Date Published: July 17, 2017
Publisher: Public Library of Science
Author(s): Kenneth A. Barr, John Reinitz, Michael Levine.
Metazoan gene expression is controlled through the action of long stretches of noncoding DNA that contain enhancers—shorter sequences responsible for controlling a single aspect of a gene’s expression pattern. Models built on thermodynamics have shown how enhancers interpret protein concentration in order to determine specific levels of gene expression, but the emergent regulatory logic of a complete regulatory locus shows qualitative and quantitative differences from isolated enhancers. Such differences may arise from steric competition limiting the quantity of DNA that can simultaneously influence the transcription machinery. We incorporated this competition into a mechanistic model of gene regulation, generated efficient algorithms for this computation, and applied it to the regulation of Drosophila even-skipped (eve). This model finds the location of enhancers and identifies which factors control the boundaries of eve expression. This model predicts a new enhancer that, when assayed in vivo, drives expression in a non-eve pattern. Incorporation of chromatin accessibility eliminates this inconsistency.
Understanding how genetic function arises from the structural properties of genes is a fundamental problem of molecular genetics. With respect to the non-coding portions of genes, in prokaryotes there is a clear relationship between chemical properties and genetic function. In the lac operon, for example, there is a one-to-one mapping between the functional genetic unit of the operator and the structural/chemical unit of the binding site for lac repressor . This level of understanding is absent in metazoan genes. The expression of many such genes is under the control of cis-acting DNA sequence which can span tens  to hundreds of thousands  of nucleotides. The central feature of such genes is the presence of enhancers, also known as cis-regulatory modules (CRMs). These sequences, which typically span 500 to 1000 base pairs (bp), recruit sequence-specific transcription factors to drive a subset of a gene’s full expression pattern [4–8]. Although enhancers are ubiquitous, how they arise from the underlying structure of genes remains obscure.
The central result of this paper is the demonstration that the enhancer structure of eve arises because of competition between different regions of the proximal promoter for interaction with the basal complex (Eq (2)).

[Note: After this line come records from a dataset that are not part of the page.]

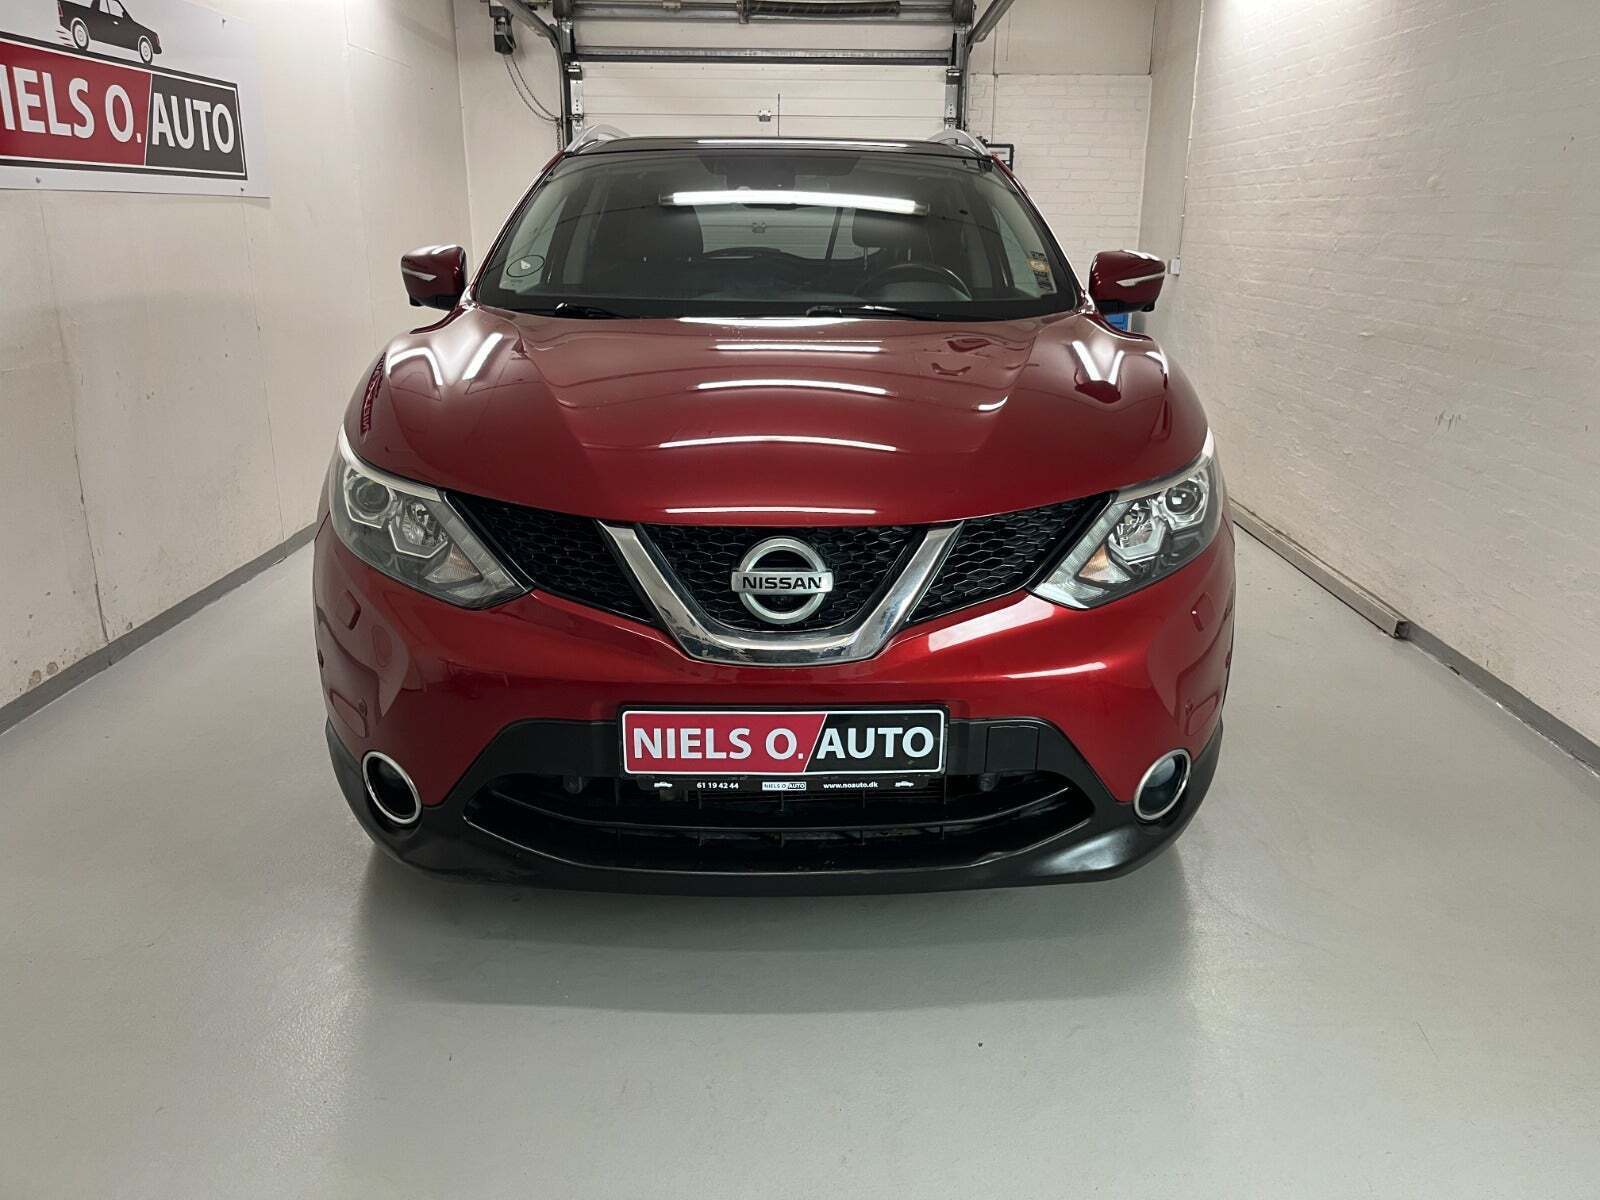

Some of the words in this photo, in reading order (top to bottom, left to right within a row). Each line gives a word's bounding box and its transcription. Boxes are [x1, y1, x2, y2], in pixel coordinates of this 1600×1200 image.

[0, 64, 95, 139] IELS
[105, 84, 143, 143] O.
[152, 92, 235, 154] AUTO
[743, 576, 822, 590] NISSAN
[633, 727, 752, 760] NIELS
[765, 727, 804, 760] O.
[816, 726, 934, 759] AUTO
[823, 781, 879, 789] www.noauto.dk
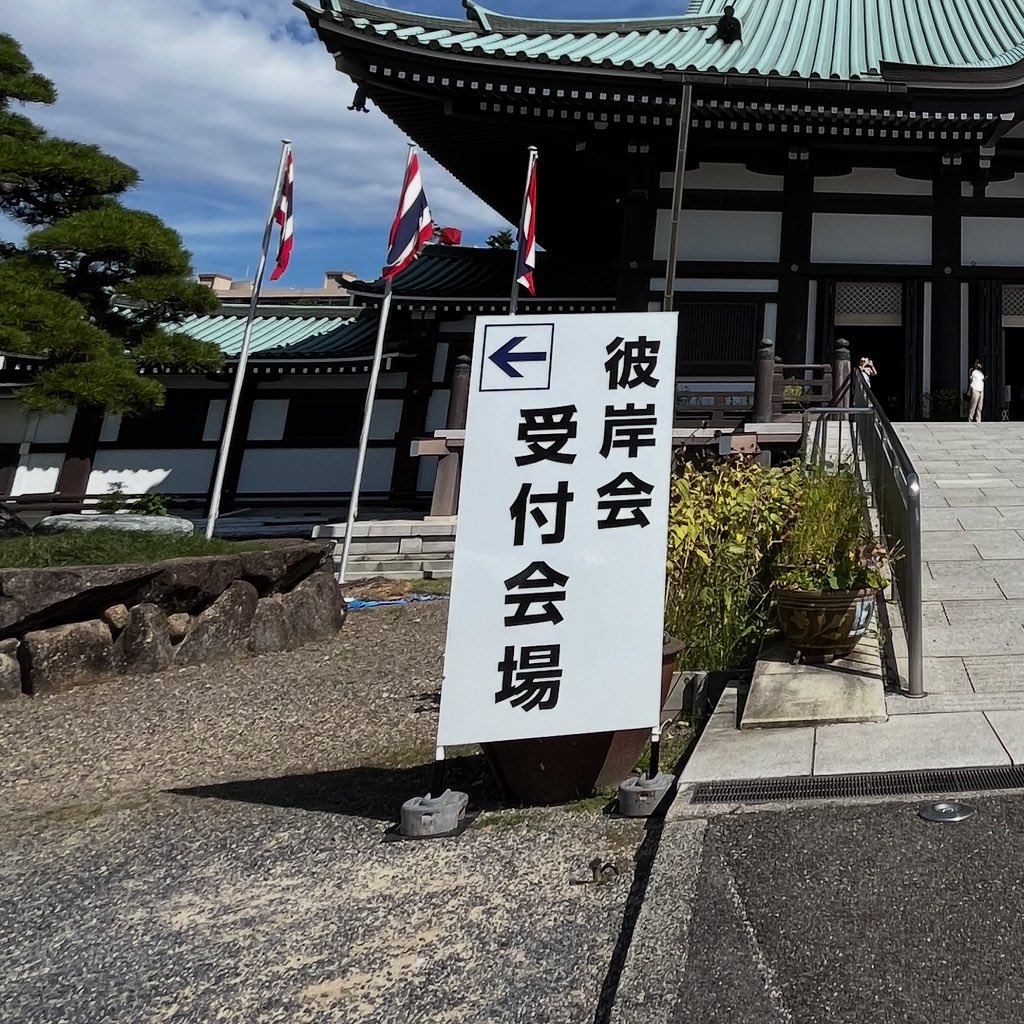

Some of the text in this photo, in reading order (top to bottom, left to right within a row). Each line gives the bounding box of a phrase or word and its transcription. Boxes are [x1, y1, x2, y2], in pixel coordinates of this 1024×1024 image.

[495, 404, 578, 712] 受付会場
[597, 336, 661, 530] 彼岸会
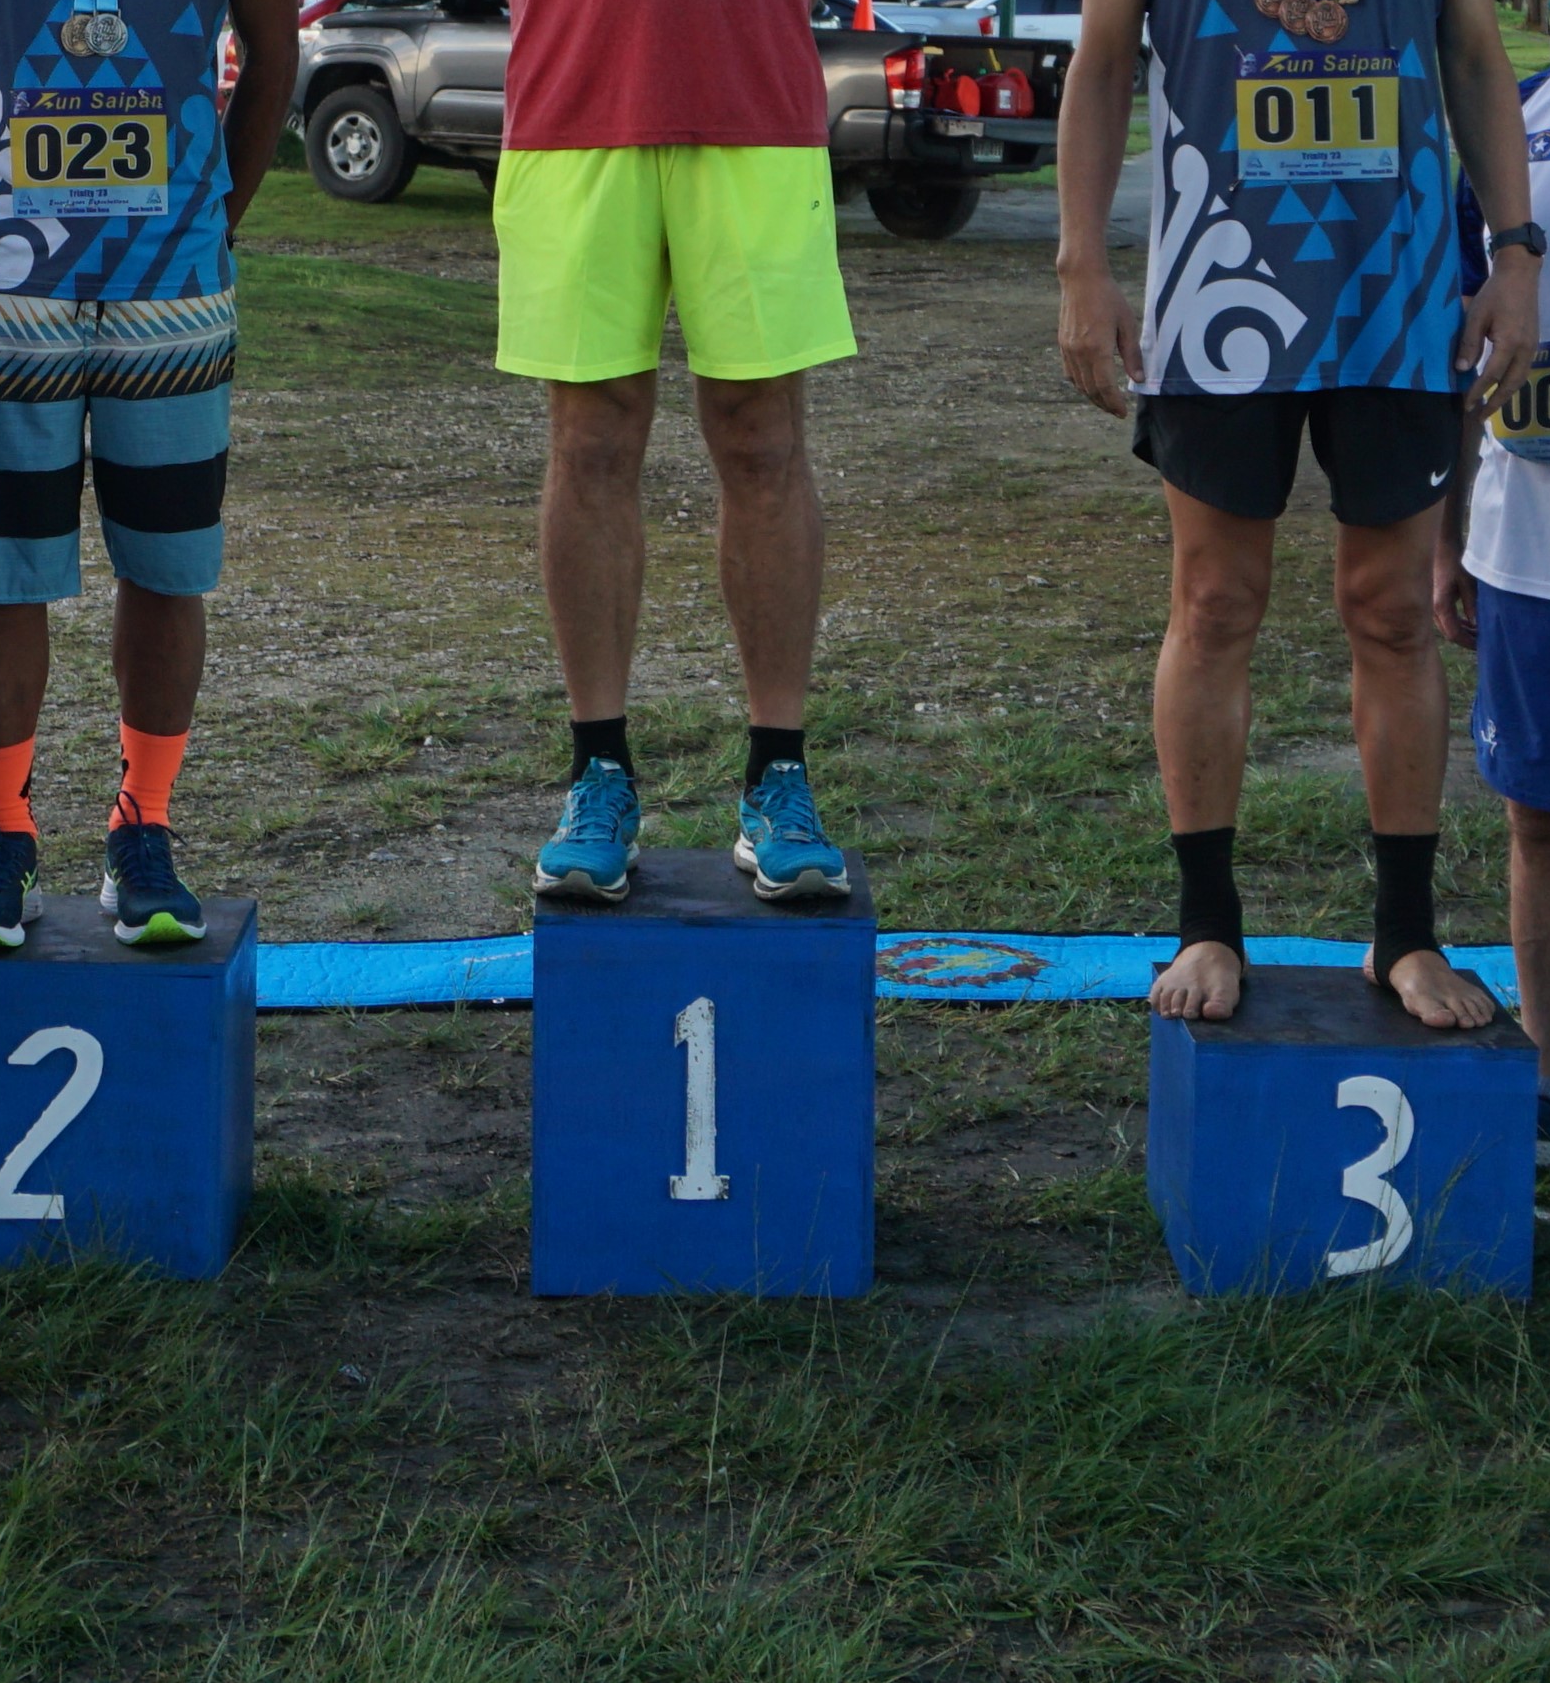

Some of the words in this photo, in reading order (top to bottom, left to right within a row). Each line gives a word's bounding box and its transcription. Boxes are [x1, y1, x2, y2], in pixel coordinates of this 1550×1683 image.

[1323, 53, 1393, 75] Saipan
[90, 91, 163, 113] Saipan
[1254, 84, 1376, 144] 011
[25, 121, 153, 182] 023
[668, 995, 730, 1201] 1
[1326, 1074, 1415, 1278] 3

The competition described may reflect kinetic statistics of interactions between distally bound adaptors and the basal complex. This competition differs from steric competition for a binding site (cf Eq S4 in S1 Appendix) in that N[m,m+α], unlike qi (Eq S6 in S1 Appendix), depends not only on thermodynamically described interactions of TFs with the DNA but also on the protein-protein interactions which convert repressors into activators by coactivation and quench activators (Eqs S14 and S16 in S1 Appendix).